PROBLEM: In the records below, repeat word for word only the lines starting at the one that contains "this 1600×1200 image." and ending at the one that contains "this 1500×1334 image.", pictures excluded.

Saved entries:
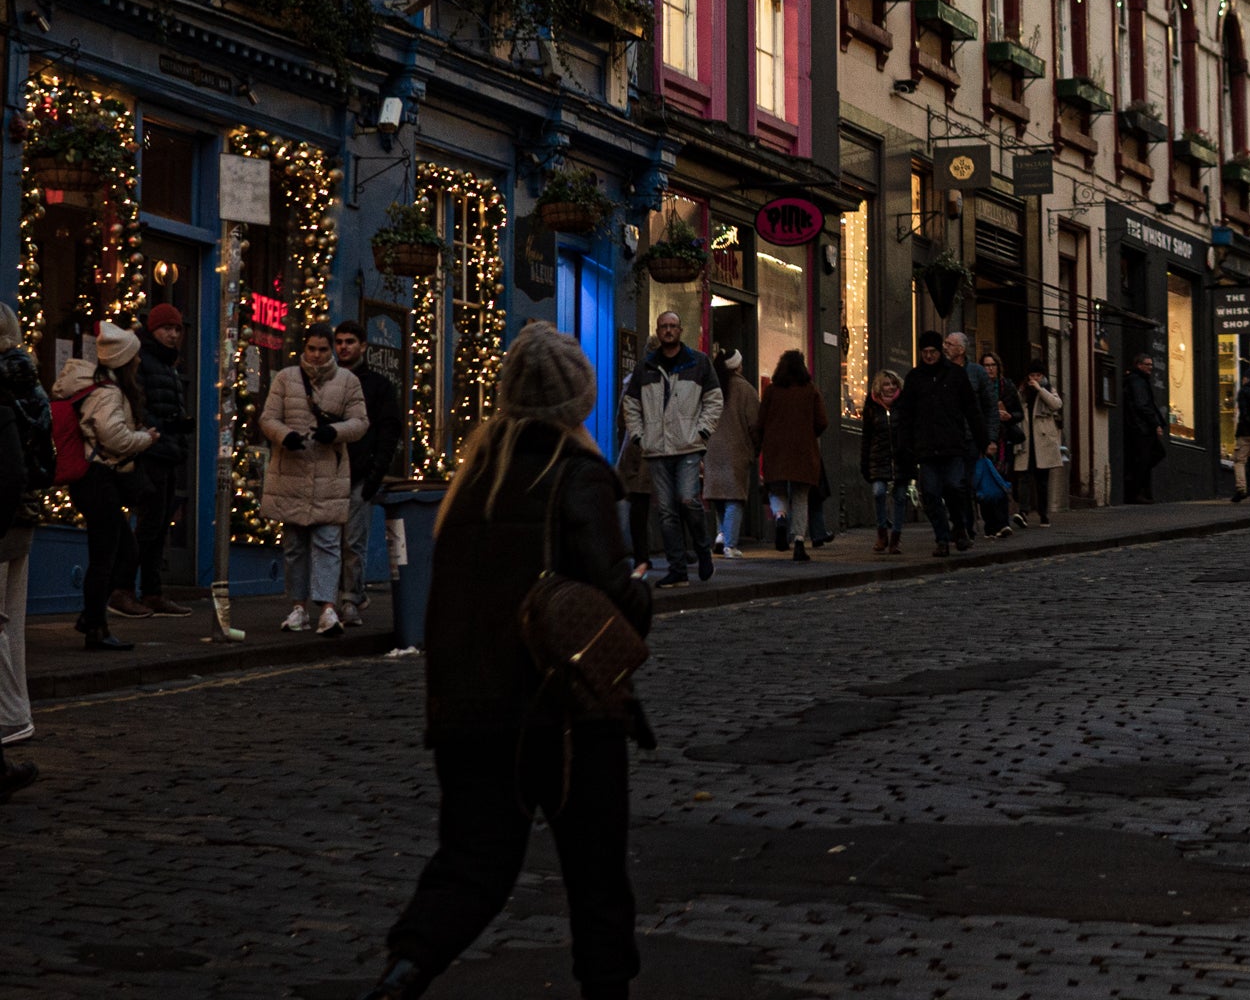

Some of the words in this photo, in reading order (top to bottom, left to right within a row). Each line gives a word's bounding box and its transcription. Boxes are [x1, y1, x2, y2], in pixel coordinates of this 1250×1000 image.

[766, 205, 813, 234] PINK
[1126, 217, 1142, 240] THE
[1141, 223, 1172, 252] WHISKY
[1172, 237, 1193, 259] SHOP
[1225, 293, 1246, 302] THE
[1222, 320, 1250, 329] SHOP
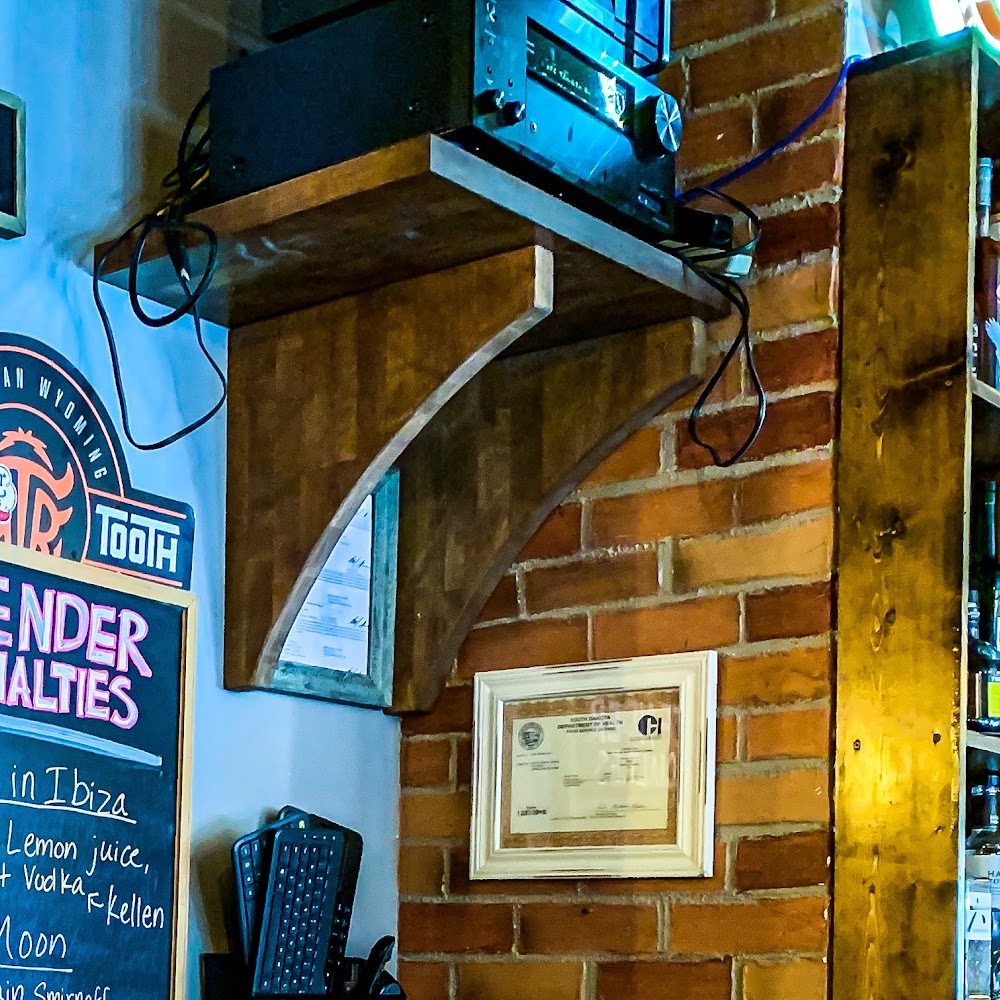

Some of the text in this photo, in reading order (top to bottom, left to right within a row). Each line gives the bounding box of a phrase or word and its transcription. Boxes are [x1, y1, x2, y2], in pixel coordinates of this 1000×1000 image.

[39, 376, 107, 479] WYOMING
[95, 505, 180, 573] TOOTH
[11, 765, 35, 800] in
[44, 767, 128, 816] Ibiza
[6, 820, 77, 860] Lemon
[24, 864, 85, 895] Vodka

* * *

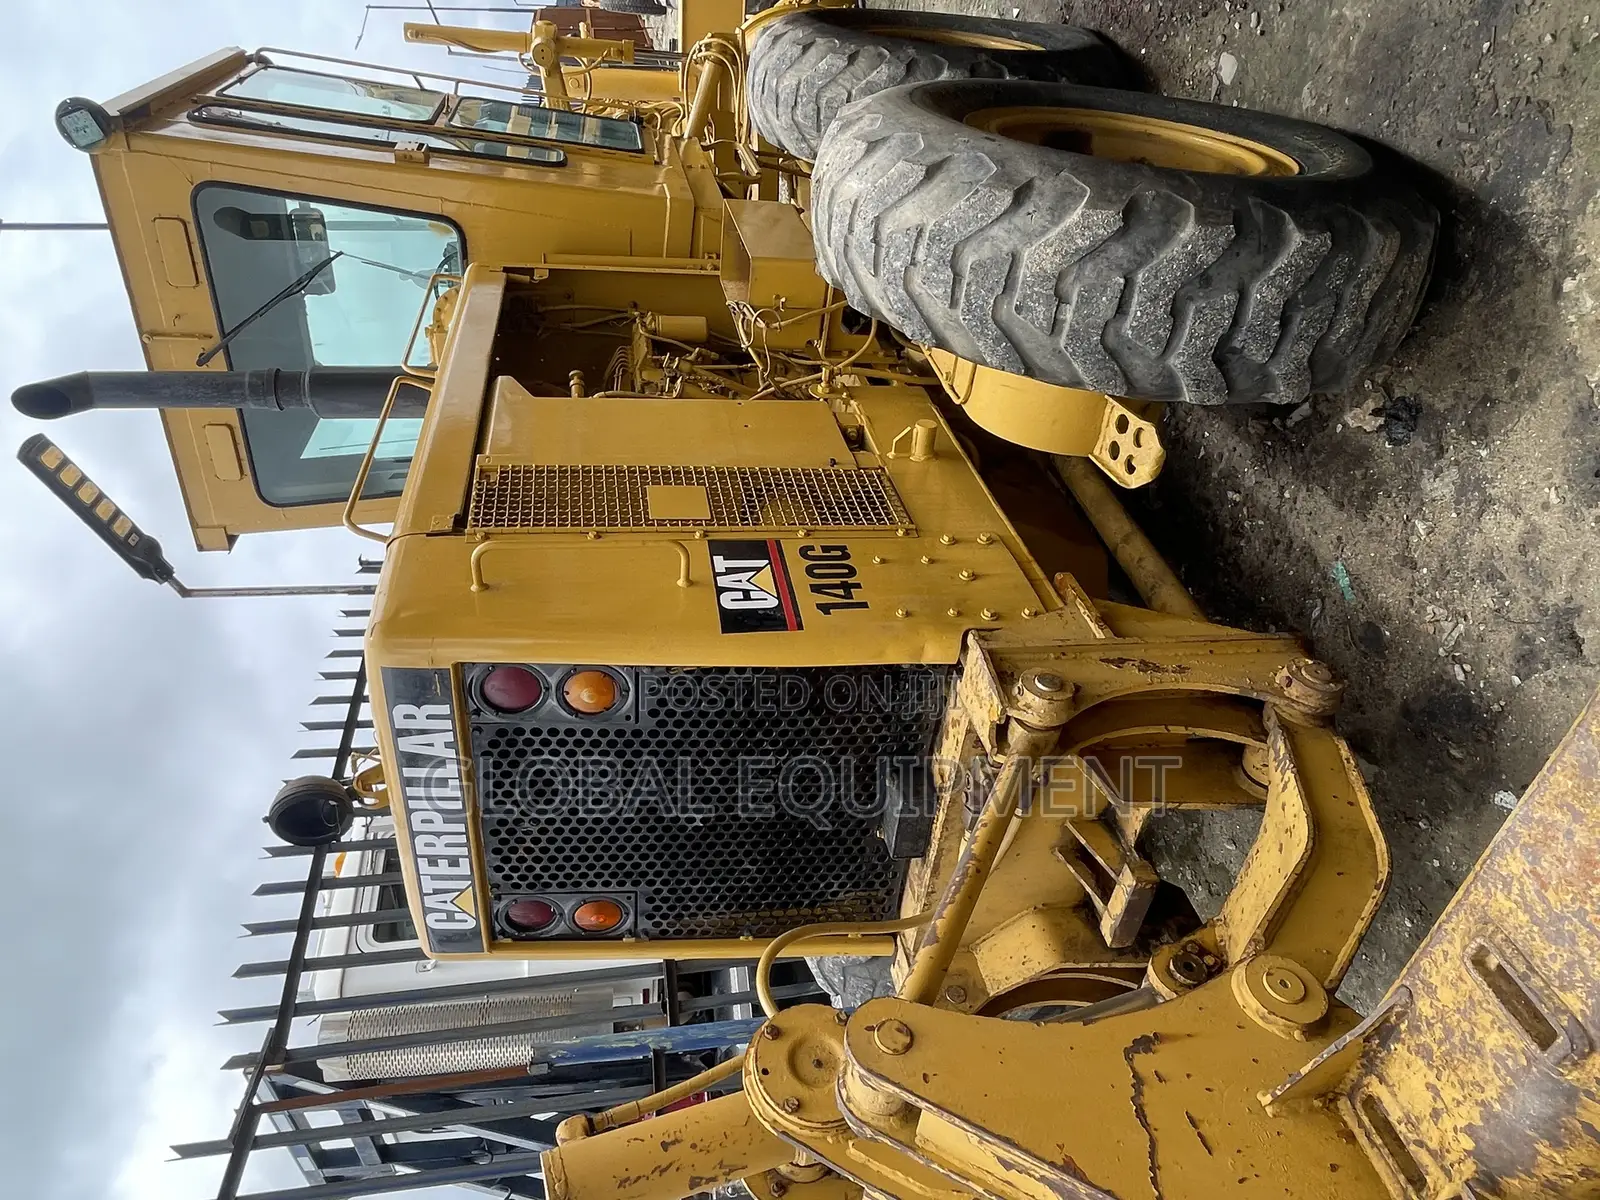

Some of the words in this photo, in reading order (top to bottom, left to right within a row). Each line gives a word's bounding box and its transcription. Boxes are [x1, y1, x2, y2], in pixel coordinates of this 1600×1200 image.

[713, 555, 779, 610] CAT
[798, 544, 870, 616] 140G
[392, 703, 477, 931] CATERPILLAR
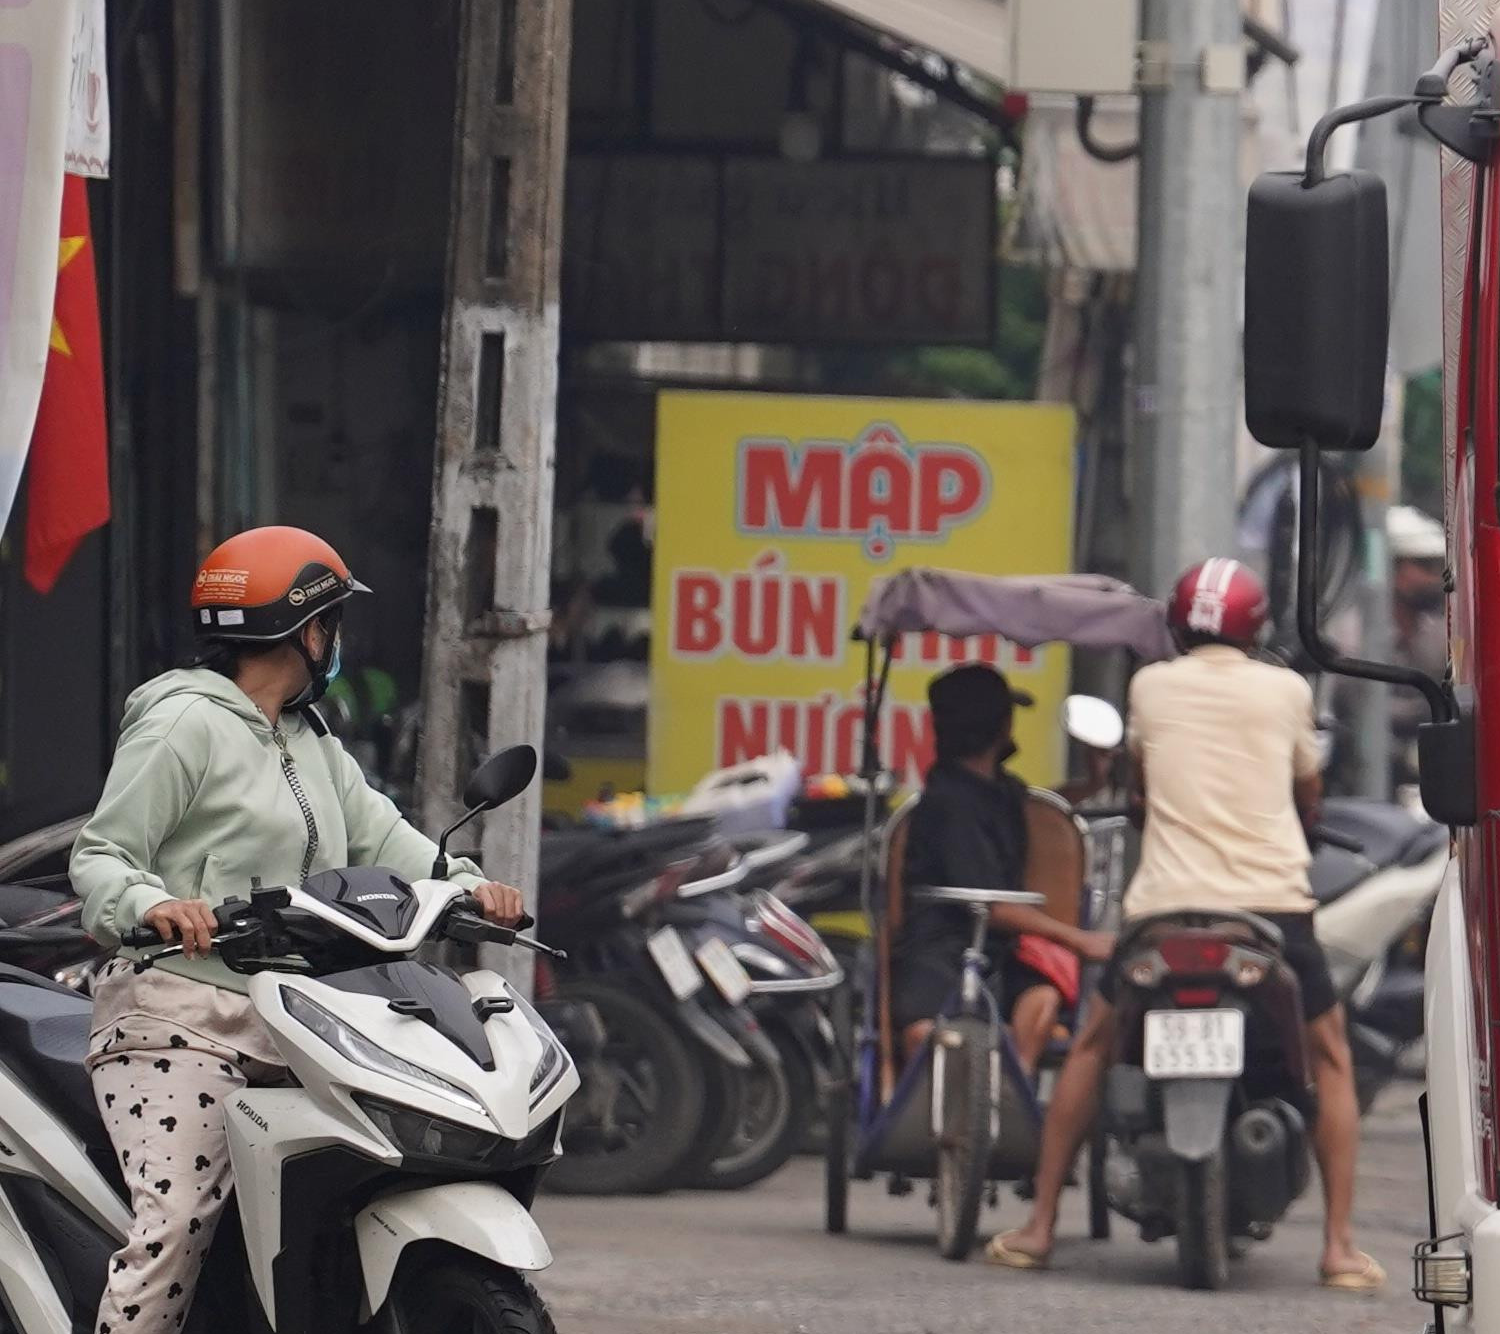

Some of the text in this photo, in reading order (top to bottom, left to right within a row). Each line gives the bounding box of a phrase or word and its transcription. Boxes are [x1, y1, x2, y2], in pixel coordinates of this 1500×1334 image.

SOLUTION TO THIS TASK:
Some of the words in this photo, in reading order (top to bottom, left to right within a row). Each line gives a word's bounding box and its transcription. Boxes are [x1, y1, x2, y2], in pixel coordinates of this 1600×1200 image.

[713, 555, 779, 610] CAT
[798, 544, 870, 616] 140G
[392, 703, 477, 931] CATERPILLAR

Some of the text in this photo, in reading order (top to bottom, left to right within a row). Each line gives the bounding box of a phrase or word and its transcription. Boxes are [x1, y1, x2, y2], in pixel coordinates of this 1500×1334 image.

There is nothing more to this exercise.